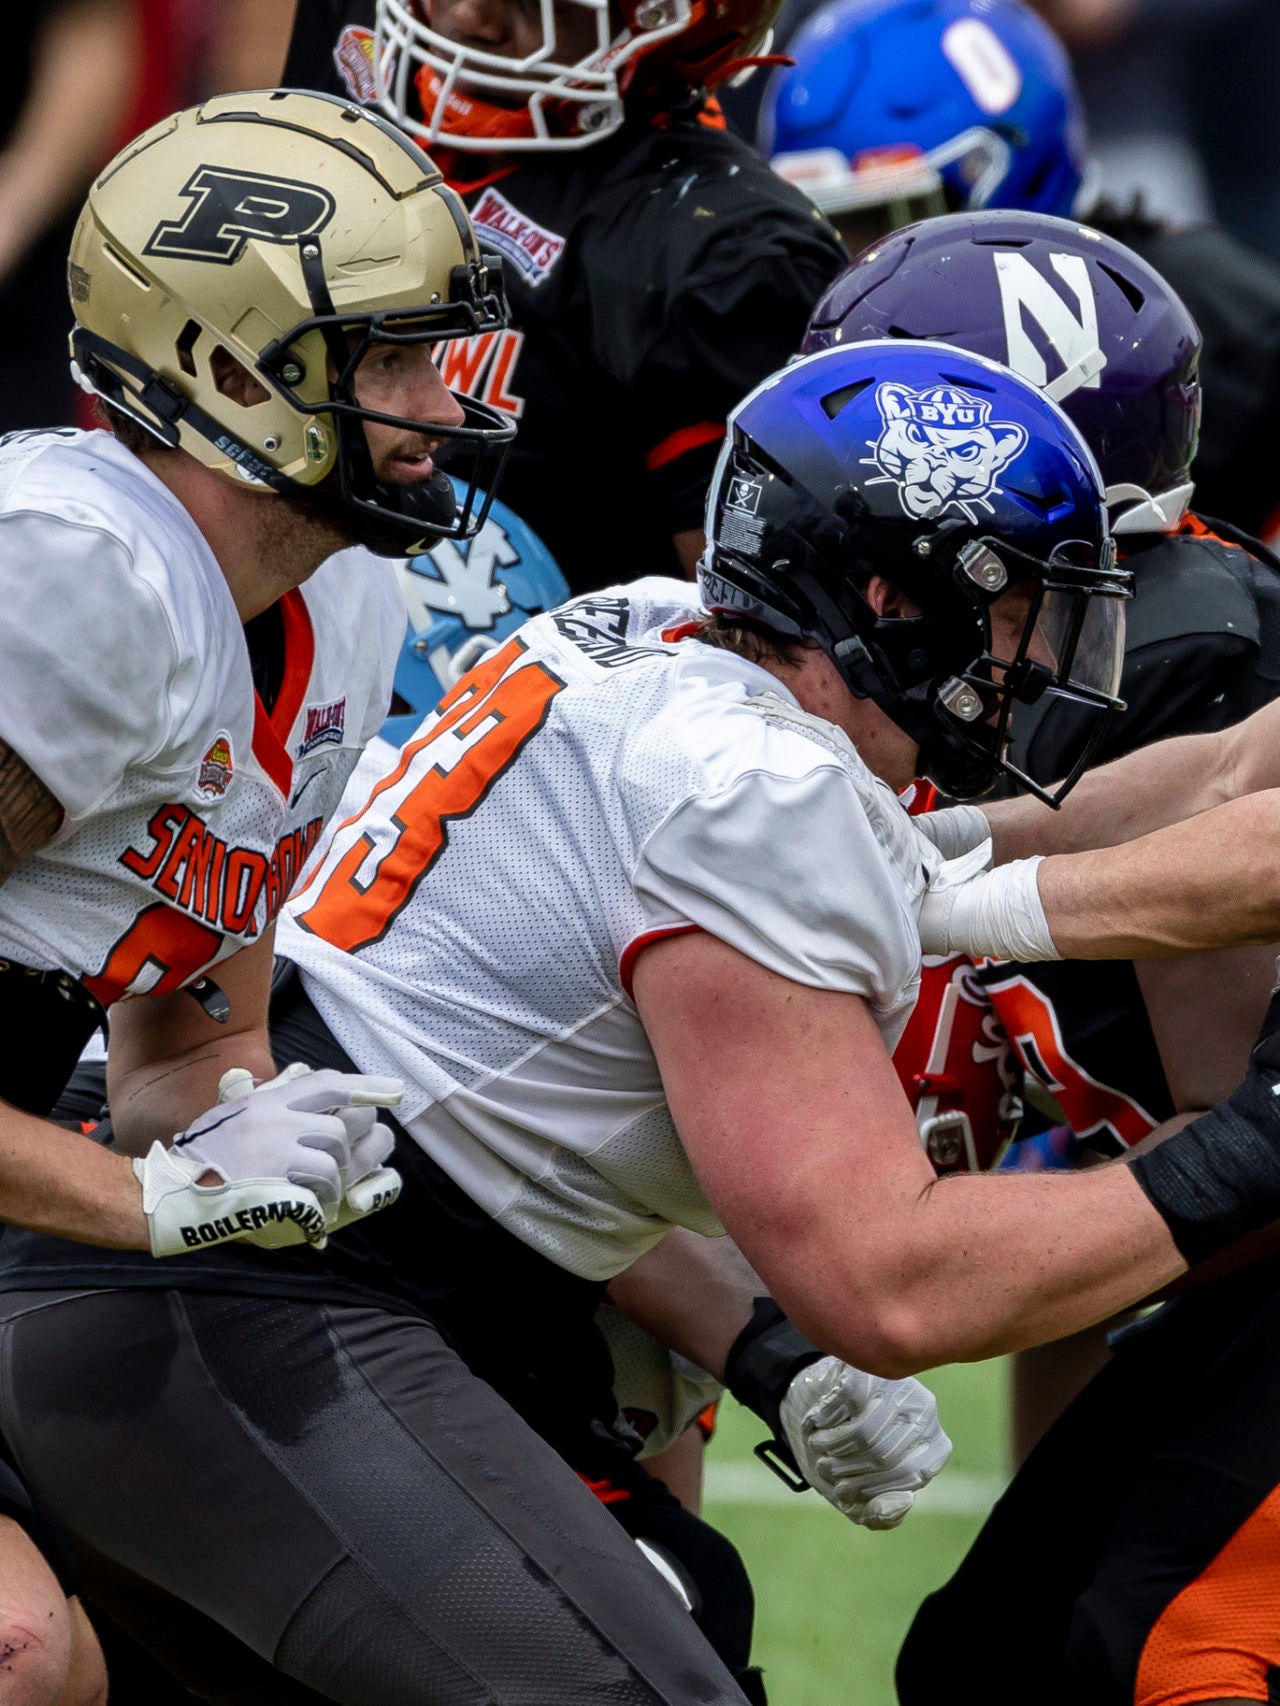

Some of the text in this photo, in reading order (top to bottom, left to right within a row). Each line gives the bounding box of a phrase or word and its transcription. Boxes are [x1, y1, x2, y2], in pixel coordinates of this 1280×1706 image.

[141, 163, 336, 266] P
[993, 252, 1101, 388] N
[431, 328, 524, 418] WL
[920, 403, 975, 425] BYU
[118, 803, 269, 937] SENIO
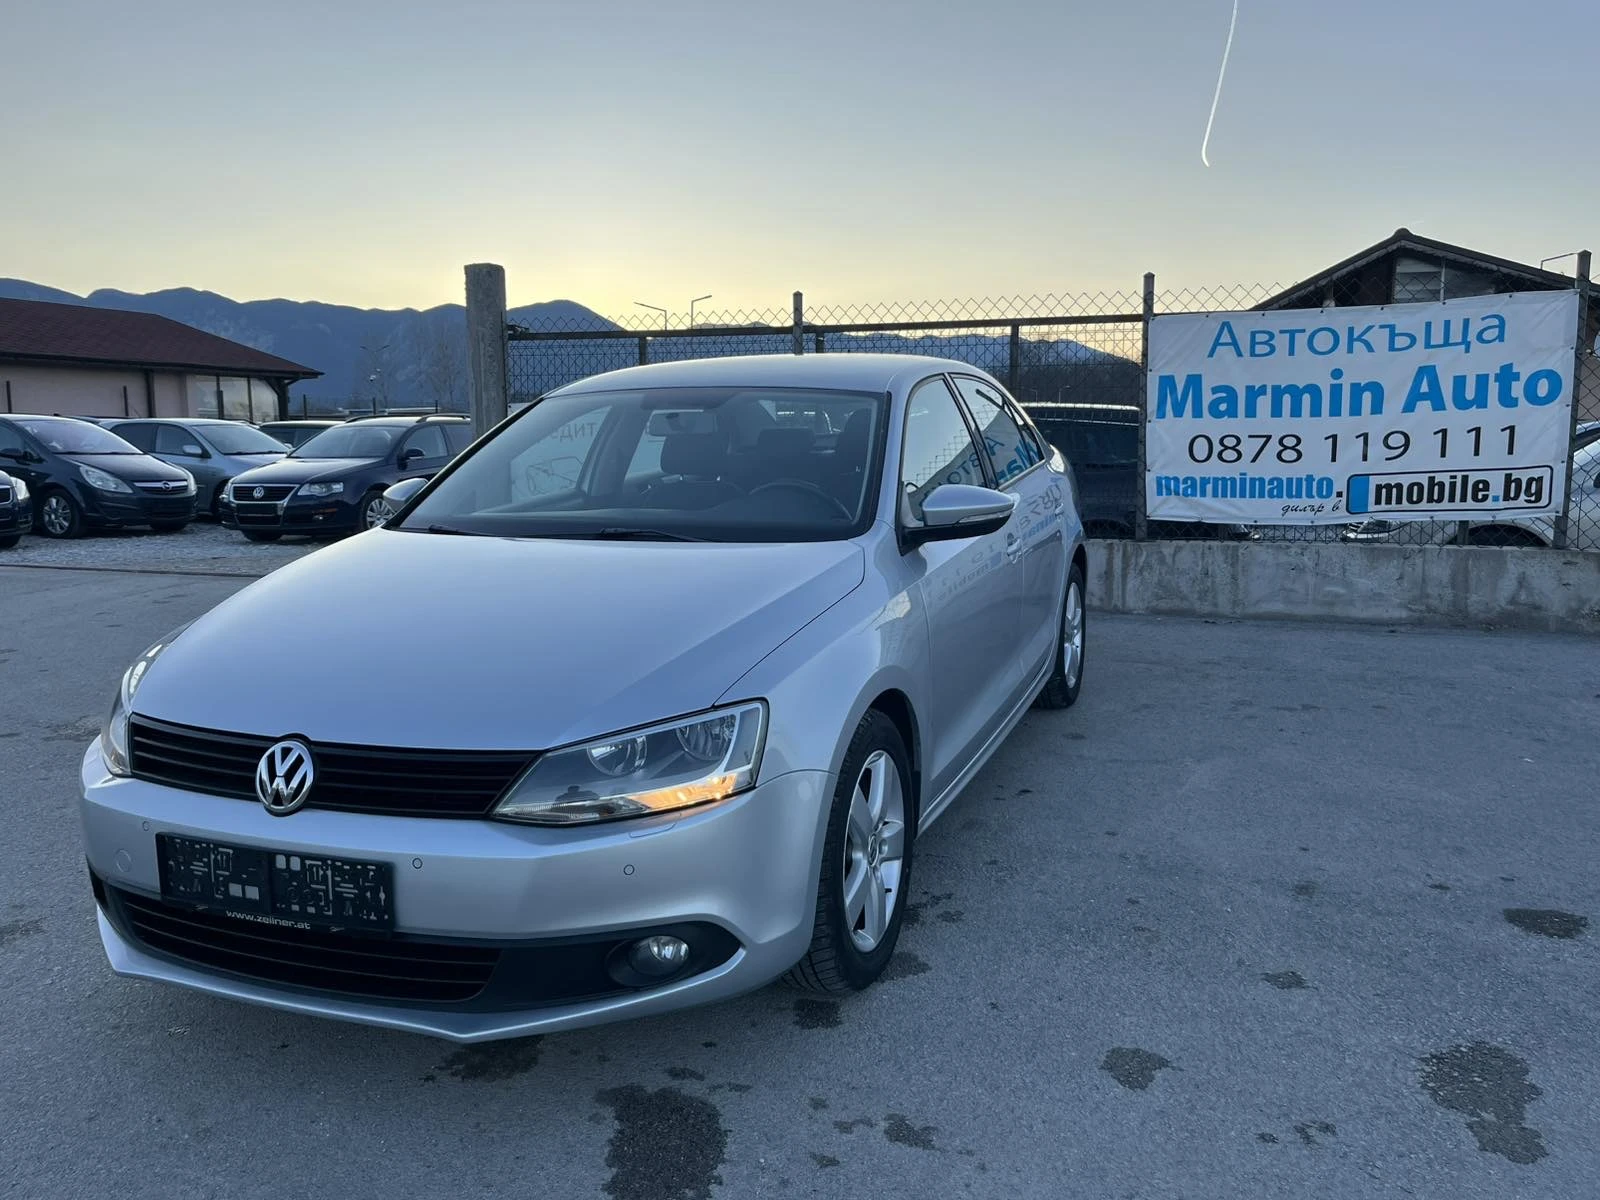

════════════════════

* Instructions to follow *
Leaving the pictures out, output the material exactly as it appears.

* Answer for the task *
Some of the text in this photo, in reading order (top to bottom, left to right within a row). Each line gives the bounding box of a phrase or word and its transcription. Boxes are [x1, y1, x2, y2], in pixel coordinates of this 1280×1706 image.

[141, 163, 336, 266] P
[993, 252, 1101, 388] N
[431, 328, 524, 418] WL
[920, 403, 975, 425] BYU
[118, 803, 269, 937] SENIO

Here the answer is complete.